African Swine Fever Losses Cause Export Challenges, Opportunities

Shipping containers ready to go to ports unknown. ( Pixabay/MGN )

Production losses from African swine fever (ASF) have eclipsed initial estimates, Rabobank said on Thursday. In 2019, Rabobank expects Chinese pork production losses of 25% to 35%, creating new challenges and opportunities for animal protein exporters.  

“African Swine Fever has spread to every province in mainland China and is now affecting an estimated 150-200 million pigs,” said Christine McCracken, RaboResearch animal protein analyst. “The expected 30% loss in pork production is unprecedented. These losses cannot easily be replaced by other proteins like chicken, duck and seafood, nor will larger pork imports be able to fully offset the loss.”

Extreme losses of over 50% are expected in confined areas of China. The disease has also spread to Vietnam, where production losses are projected to exceed 10%. ASF has most recently entered Cambodia and could move further into Southeast Asia, further exacerbating global protein shortfalls.

Rabobank said there’s no question that sizable breeding herd losses will delay the Chinese pork industry’s recovery which could take years. Efforts to rebuild will be further complicated by the risk of recontamination, despite available financial resources. 

“The shift in global trade patterns to meet animal protein demand will be highly dynamic,” the report said. “This will create opportunities for those companies with an exportable surplus and access to China and Southeast Asia. It will also create logistical inefficiencies and raise costs through the entire supply chain.”

Endemic ASF in China
ASF now affects an estimated 150 to 200 million pigs. To put this in perspective, the expected 30% loss in pork production is nearly 30% larger than annual U.S. pork production and equivalent to Europe’s annual pork supply.

Rabobank said these losses can’t be easily replaced by other proteins or imports. This will likely cause a supply gap of almost 10 million metric tons in the total 2019 animal protein supply. 

“Inaccurate reports of Chinese herd liquidation and an early regional supply imbalance were disruptive to initial price discovery, obscuring the impact of production losses,” Rabobank said. “As the government eased restrictions on the movement of animals (and pork), regional prices converged, but moved higher along with the herd loss. With the full magnitude of herd losses quantified, global protein customers are scrambling to secure long-term protein supplies.” 

Figure 1 and 2

How Will Chinese Protein Consumption Shift?
Global protein supplies are likely to be redirected to China to satisfy the growing protein deficit. A secular shift towards lower Chinese pork consumption will support increased demand for poultry, beef, seafood, and alternative proteins that will shape global production trends, the report said.

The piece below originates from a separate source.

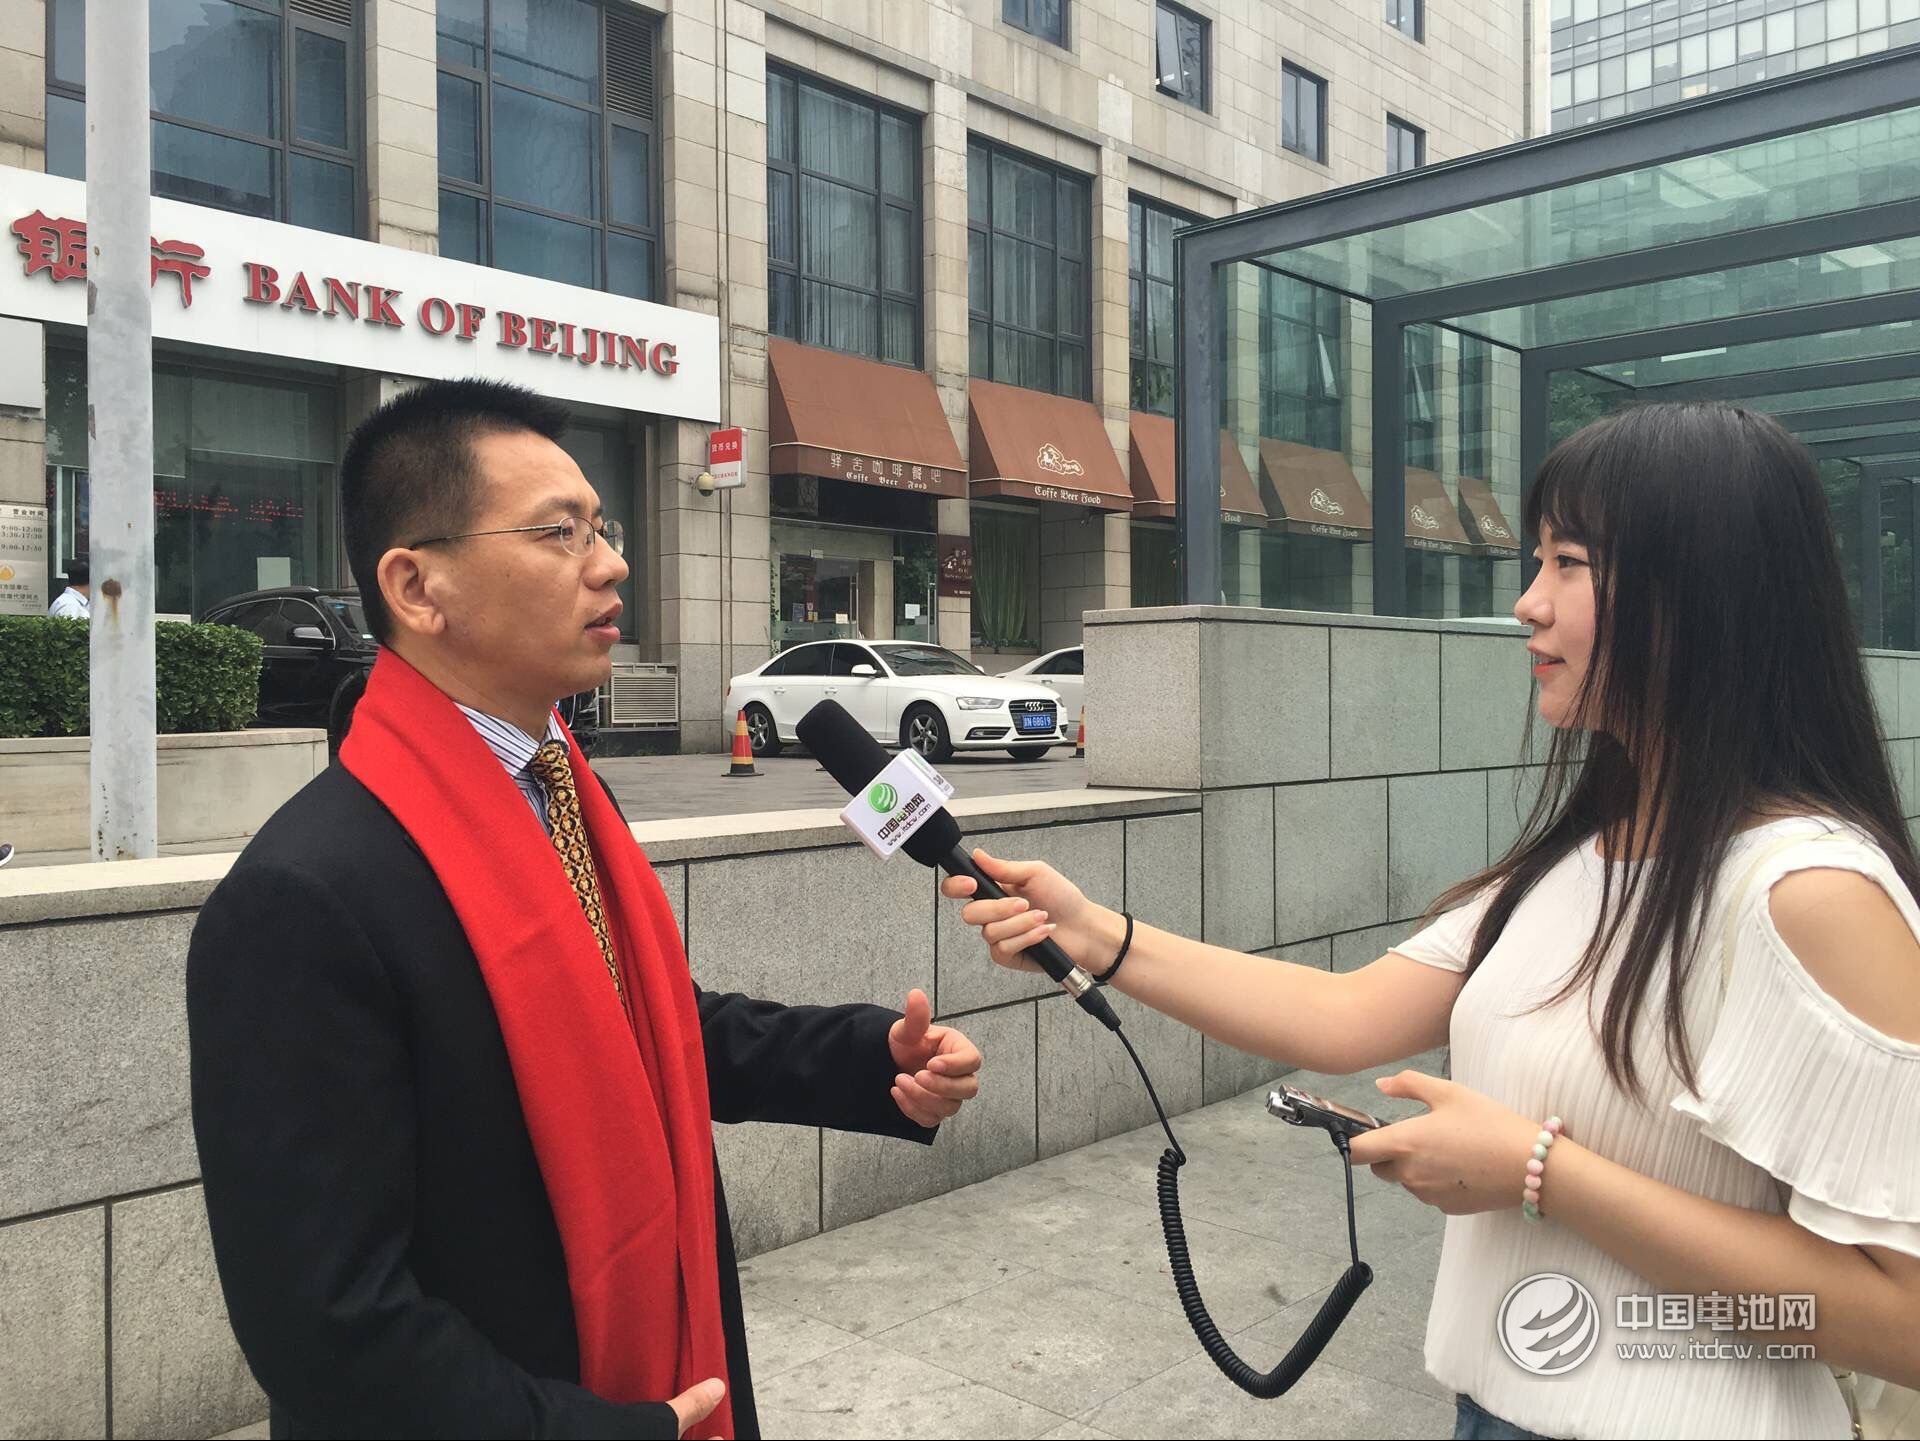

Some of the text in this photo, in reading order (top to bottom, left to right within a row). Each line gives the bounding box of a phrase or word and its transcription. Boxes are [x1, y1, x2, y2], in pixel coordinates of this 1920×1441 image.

[242, 261, 680, 377] BANK OF BEIJING
[877, 793, 925, 840] 中国电池网

“This unprecedented shift in trade will likely create unexpected product shortfalls in markets previously served by these suppliers, creating short-term market volatility that will ultimately result in higher global protein prices,” Rabobank said. 

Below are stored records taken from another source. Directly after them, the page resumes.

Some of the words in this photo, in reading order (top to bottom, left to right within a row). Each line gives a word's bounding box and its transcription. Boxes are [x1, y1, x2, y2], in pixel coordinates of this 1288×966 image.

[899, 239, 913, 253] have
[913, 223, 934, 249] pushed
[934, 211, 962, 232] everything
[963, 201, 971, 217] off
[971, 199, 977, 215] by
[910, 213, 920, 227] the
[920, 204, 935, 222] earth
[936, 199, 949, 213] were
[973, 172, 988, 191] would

Restrictions May Complicate Trade Response
Animal protein exporters stand to benefit from the impacts of ASF. The EU, the U.S., and Brazil appear best placed to respond to increased import demand for pork and other animal proteins into China and Southeast Asia, Rabobank said.

ASF is also making its way through Europe and is endemic in some parts, such as the Baltic States and parts of Poland, and Russia. 

“The potential for outbreaks to restrict exports from significant pork-producing countries, such as Germany, cannot be ruled out. Such restrictions would complicate the trade response to ASF in China and Southeast Asia,” the statement said.

Although the U.S. is a major pork producer and exporter, current tariffs on U.S. pork exports to China are restricting current trade. 

During the National Pork Producers Council’s Spring Legislative Fly-in, a delegation of more than 125 pork producers asked members of Congress to urge the administration to end trade disputes with China that are limiting export opportunities. 

“Trade remains our top issue,” said David Herring, NPPC president and a hog farmer from Lillington, N.C.